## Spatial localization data
Segment Open
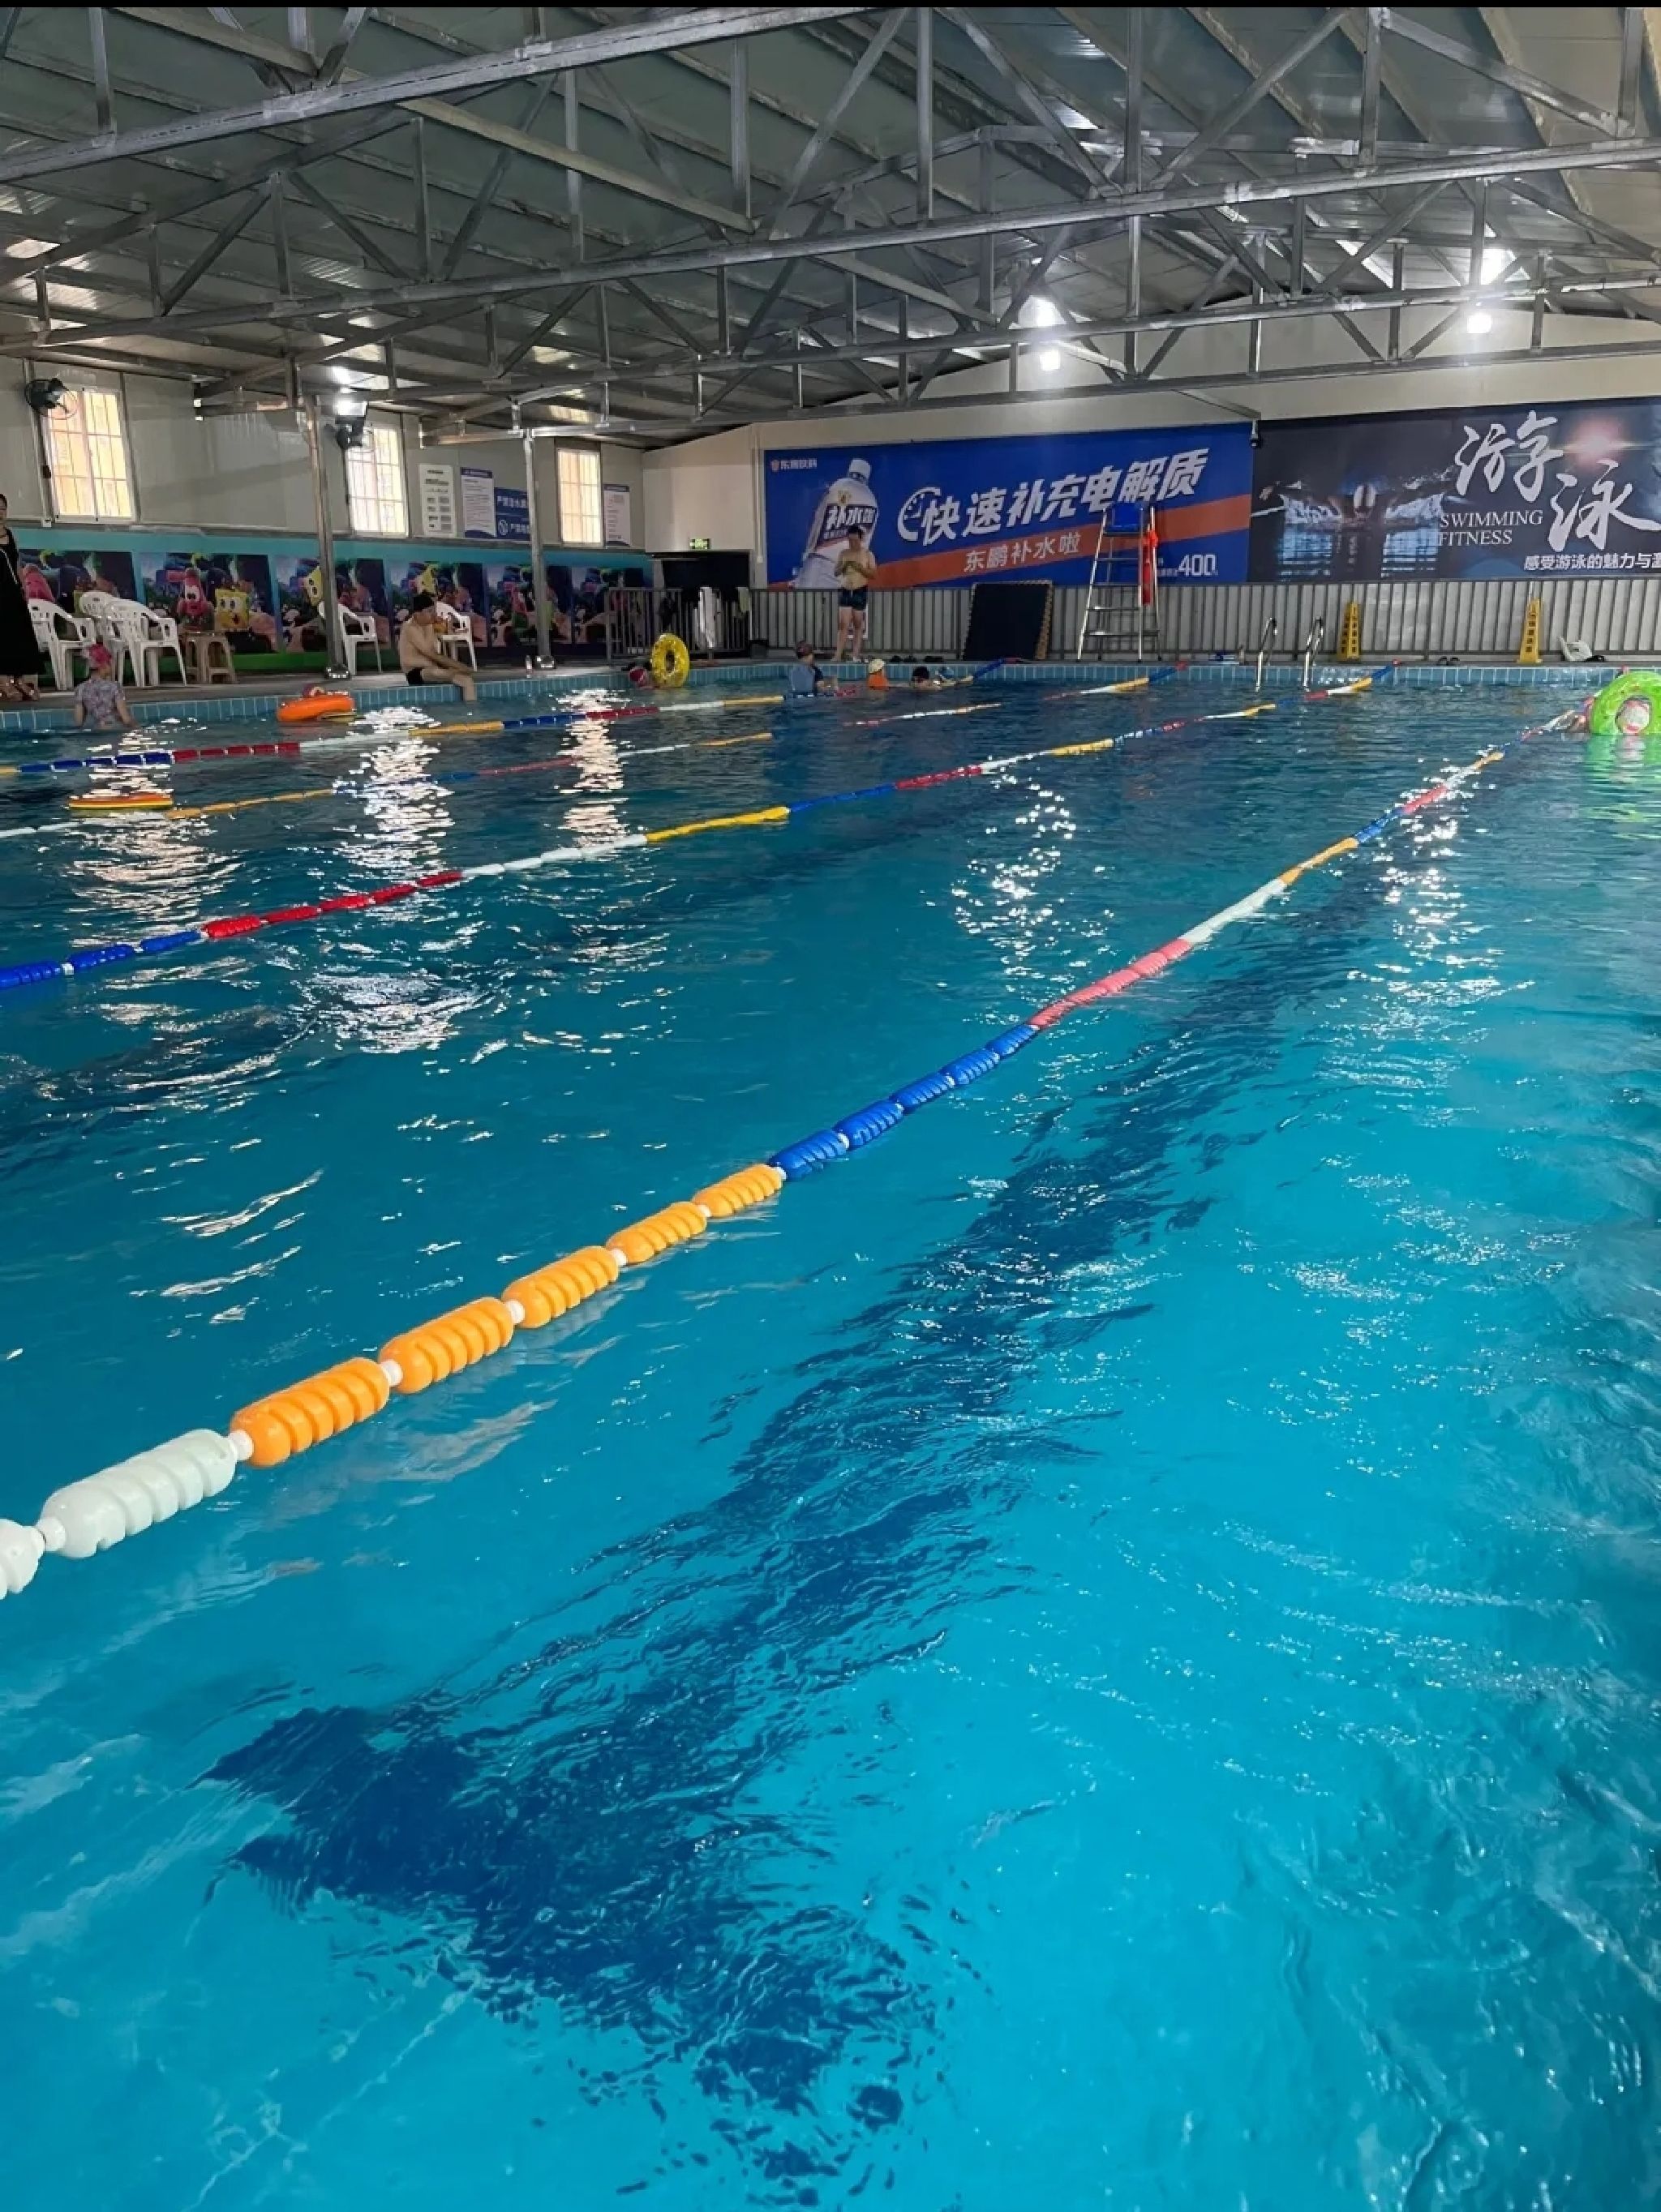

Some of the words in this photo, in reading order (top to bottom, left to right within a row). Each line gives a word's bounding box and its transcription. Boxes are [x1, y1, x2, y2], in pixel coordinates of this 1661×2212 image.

[921, 448, 1209, 546] 快速补充电解质
[1440, 510, 1543, 528] SWIMMING
[1438, 530, 1513, 547] FITNESS
[964, 531, 1082, 572] 东鹏补水啦
[1178, 554, 1216, 577] 400
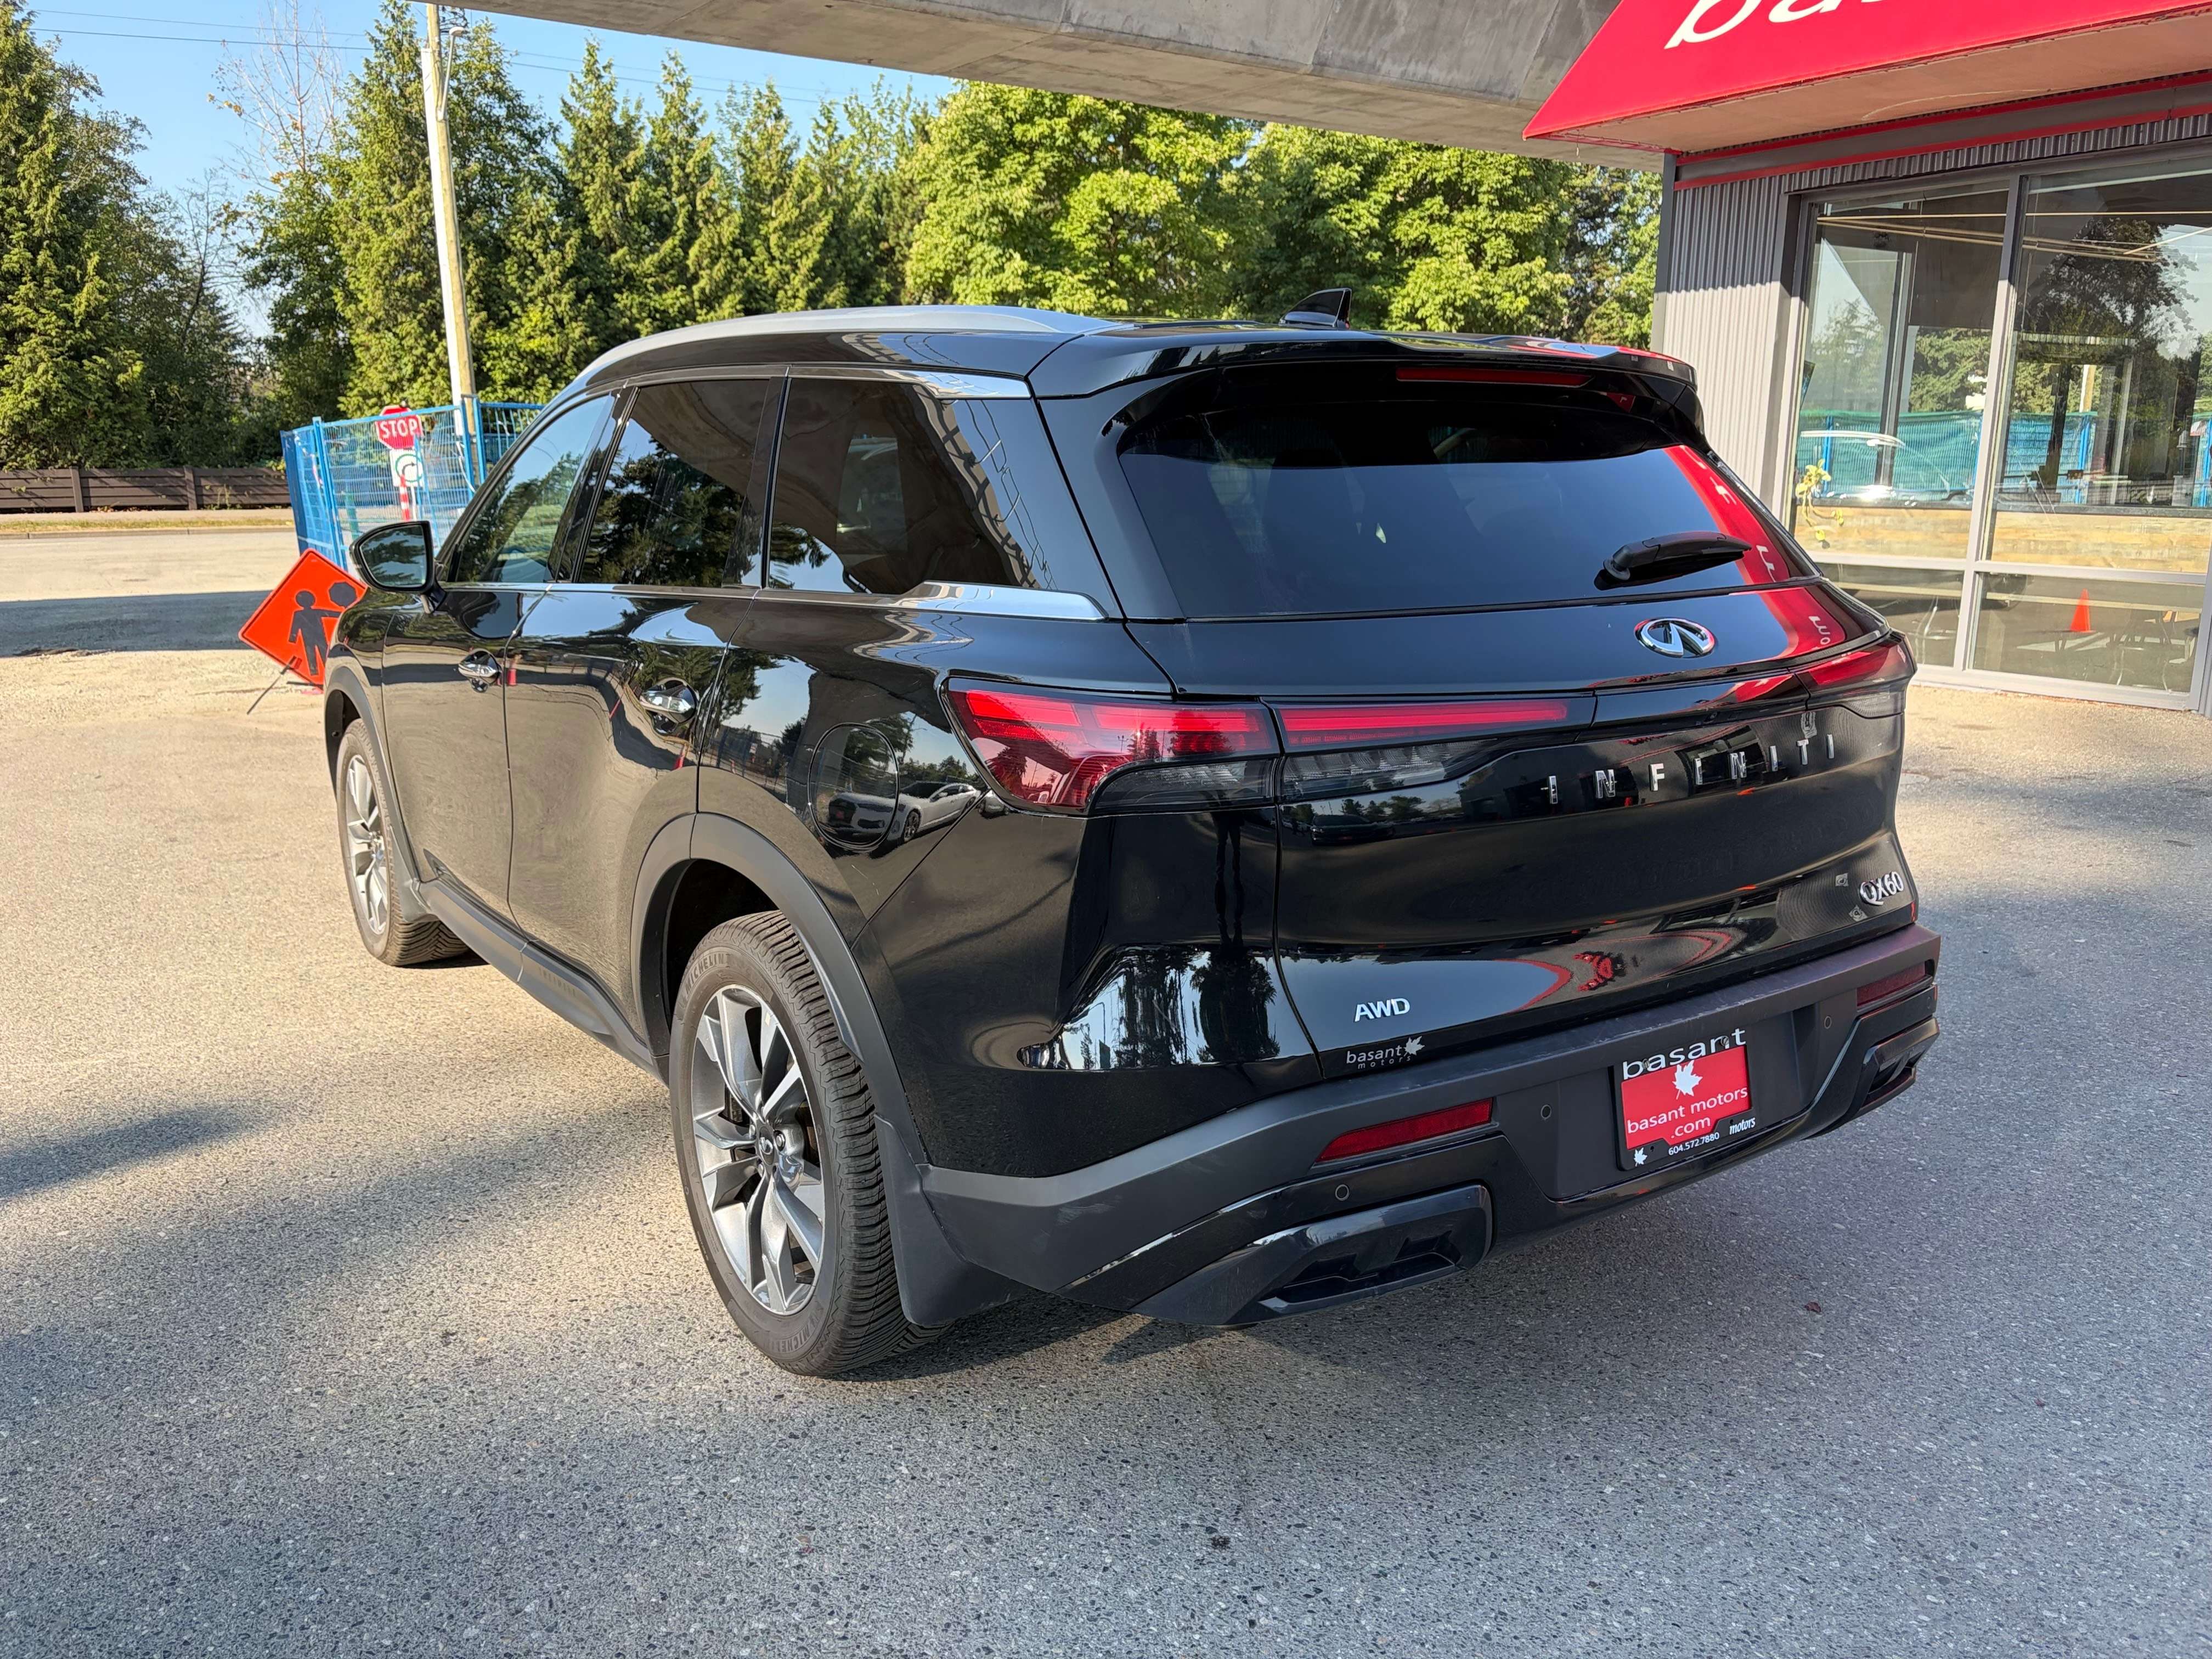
Segment Closed
## How to complete this task
Take the entries above and set them down exactly, minus the pictures.

## Task output
Some of the words in this photo, in reading order (top to bottom, left to right within a row). Each line gives a word's bounding box and its transcription. Boxes are [x1, y1, x2, y2], in pixel coordinates of this 1661×2212 image.

[921, 448, 1209, 546] 快速补充电解质
[1440, 510, 1543, 528] SWIMMING
[1438, 530, 1513, 547] FITNESS
[964, 531, 1082, 572] 东鹏补水啦
[1178, 554, 1216, 577] 400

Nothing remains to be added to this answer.